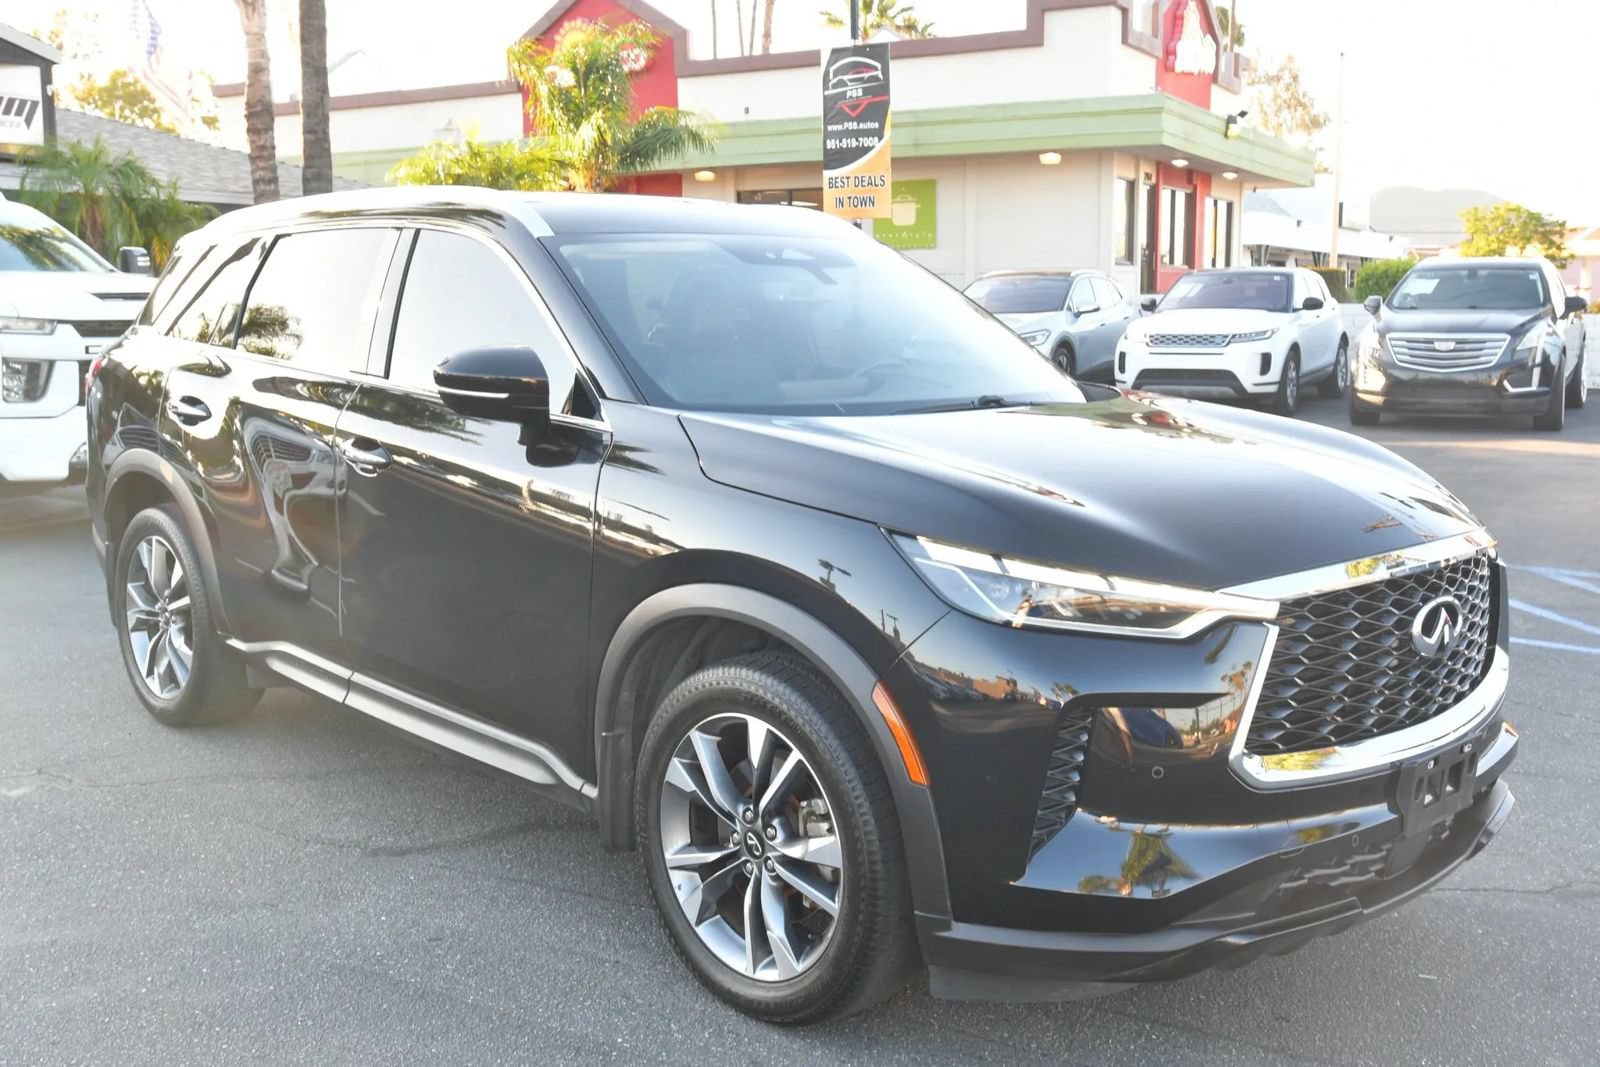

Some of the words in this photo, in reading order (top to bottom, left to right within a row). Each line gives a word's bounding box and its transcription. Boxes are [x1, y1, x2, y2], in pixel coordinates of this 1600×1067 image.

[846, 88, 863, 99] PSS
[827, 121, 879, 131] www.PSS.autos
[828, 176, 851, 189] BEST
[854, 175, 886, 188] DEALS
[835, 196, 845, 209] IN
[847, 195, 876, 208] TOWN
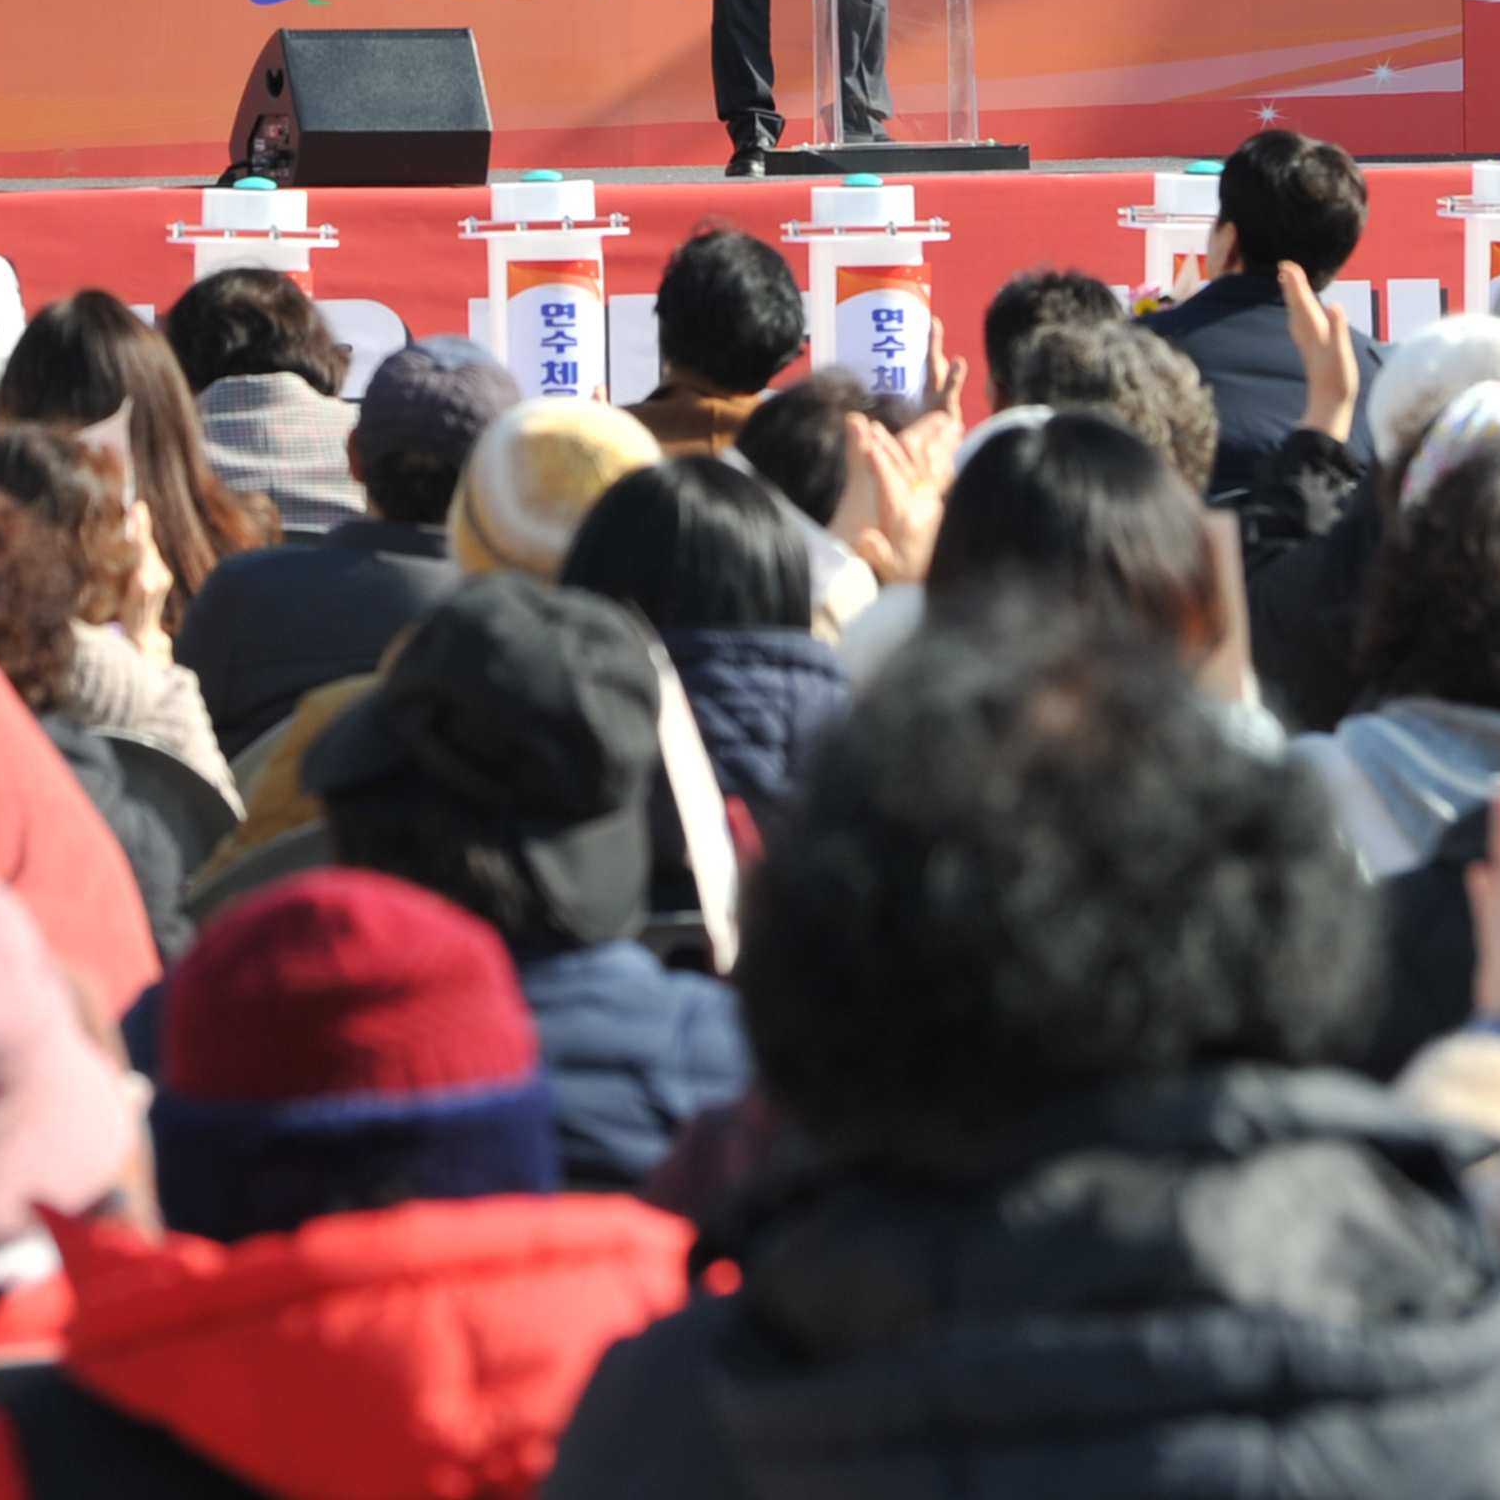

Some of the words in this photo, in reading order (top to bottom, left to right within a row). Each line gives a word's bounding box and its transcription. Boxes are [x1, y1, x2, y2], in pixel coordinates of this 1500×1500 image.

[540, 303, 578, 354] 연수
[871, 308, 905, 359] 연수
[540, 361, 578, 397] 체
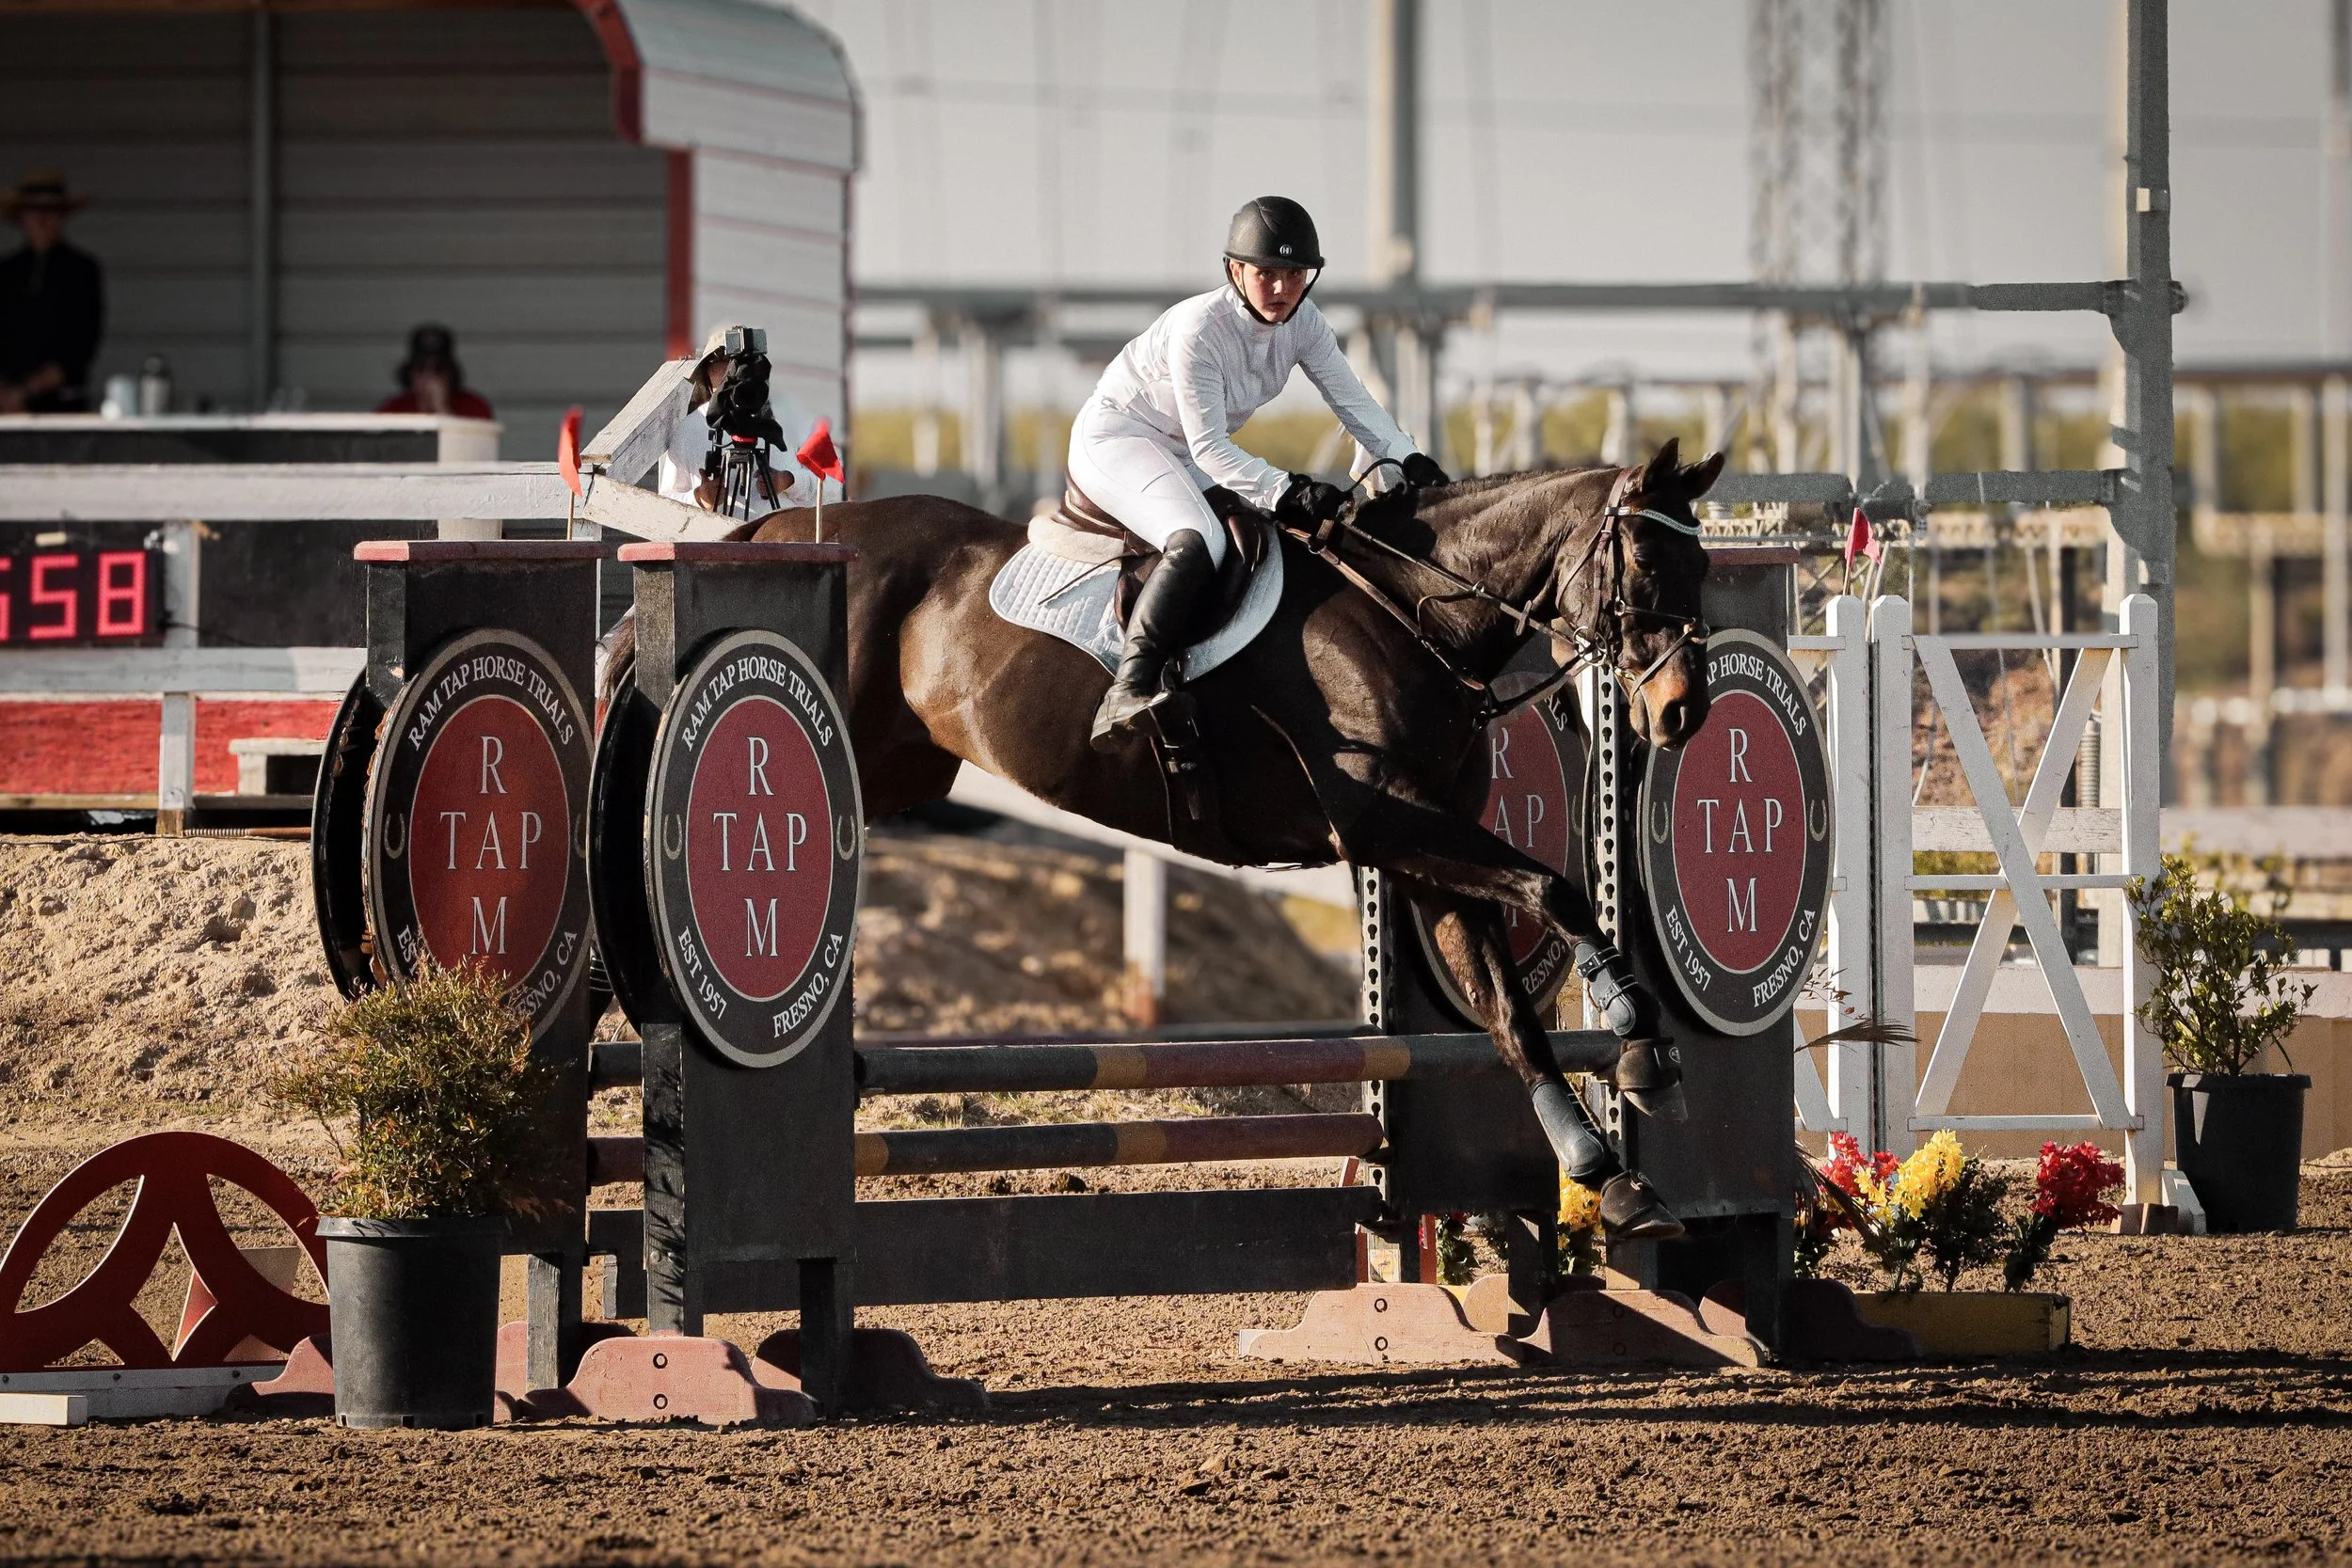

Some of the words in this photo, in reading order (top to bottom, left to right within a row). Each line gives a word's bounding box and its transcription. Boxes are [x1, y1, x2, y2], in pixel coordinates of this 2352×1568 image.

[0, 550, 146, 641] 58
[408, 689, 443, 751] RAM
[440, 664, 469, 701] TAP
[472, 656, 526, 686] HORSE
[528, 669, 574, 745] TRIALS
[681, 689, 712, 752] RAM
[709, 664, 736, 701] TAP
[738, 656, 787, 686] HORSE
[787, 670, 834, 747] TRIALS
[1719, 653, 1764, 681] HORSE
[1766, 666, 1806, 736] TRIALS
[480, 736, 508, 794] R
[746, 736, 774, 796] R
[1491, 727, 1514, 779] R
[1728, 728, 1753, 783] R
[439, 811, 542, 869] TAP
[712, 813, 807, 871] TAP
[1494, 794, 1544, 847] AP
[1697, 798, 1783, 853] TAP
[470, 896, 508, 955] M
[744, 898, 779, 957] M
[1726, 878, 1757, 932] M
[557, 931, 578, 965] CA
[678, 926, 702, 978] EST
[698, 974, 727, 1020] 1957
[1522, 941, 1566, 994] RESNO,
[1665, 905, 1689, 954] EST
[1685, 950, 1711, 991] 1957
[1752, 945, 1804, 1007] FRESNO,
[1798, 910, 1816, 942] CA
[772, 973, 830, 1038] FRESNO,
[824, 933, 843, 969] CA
-------------------------
Exercise objective: Leave the pictures out and print every record exactly.

Reply:
Some of the words in this photo, in reading order (top to bottom, left to right within a row). Each line gives a word's bounding box and its transcription. Boxes are [x1, y1, x2, y2], in pixel coordinates of this 1600×1067 image.

[846, 88, 863, 99] PSS
[827, 121, 879, 131] www.PSS.autos
[828, 176, 851, 189] BEST
[854, 175, 886, 188] DEALS
[835, 196, 845, 209] IN
[847, 195, 876, 208] TOWN

Some of the words in this photo, in reading order (top to bottom, left to right within a row). Each line gives a word's bounding box and its transcription. Boxes are [x1, y1, x2, y2], in pixel coordinates of this 1500×1500 image.

[540, 303, 578, 354] 연수
[871, 308, 905, 359] 연수
[540, 361, 578, 397] 체

Some of the words in this photo, in reading order (top to bottom, left to right within a row). Each line gives a word's bounding box and its transcription. Boxes are [x1, y1, x2, y2], in pixel coordinates of this 2352×1568 image.

[0, 550, 146, 641] 58
[408, 689, 443, 751] RAM
[440, 664, 469, 701] TAP
[472, 656, 526, 686] HORSE
[528, 669, 574, 745] TRIALS
[681, 689, 712, 752] RAM
[709, 664, 736, 701] TAP
[738, 656, 787, 686] HORSE
[787, 670, 834, 747] TRIALS
[1719, 653, 1764, 681] HORSE
[1766, 666, 1806, 736] TRIALS
[480, 736, 508, 794] R
[746, 736, 774, 796] R
[1491, 727, 1514, 779] R
[1728, 728, 1753, 783] R
[439, 811, 542, 869] TAP
[712, 813, 807, 871] TAP
[1494, 794, 1544, 847] AP
[1697, 798, 1783, 853] TAP
[470, 896, 508, 955] M
[744, 898, 779, 957] M
[1726, 878, 1757, 932] M
[557, 931, 578, 965] CA
[678, 926, 702, 978] EST
[698, 974, 727, 1020] 1957
[1522, 941, 1566, 994] RESNO,
[1665, 905, 1689, 954] EST
[1685, 950, 1711, 991] 1957
[1752, 945, 1804, 1007] FRESNO,
[1798, 910, 1816, 942] CA
[772, 973, 830, 1038] FRESNO,
[824, 933, 843, 969] CA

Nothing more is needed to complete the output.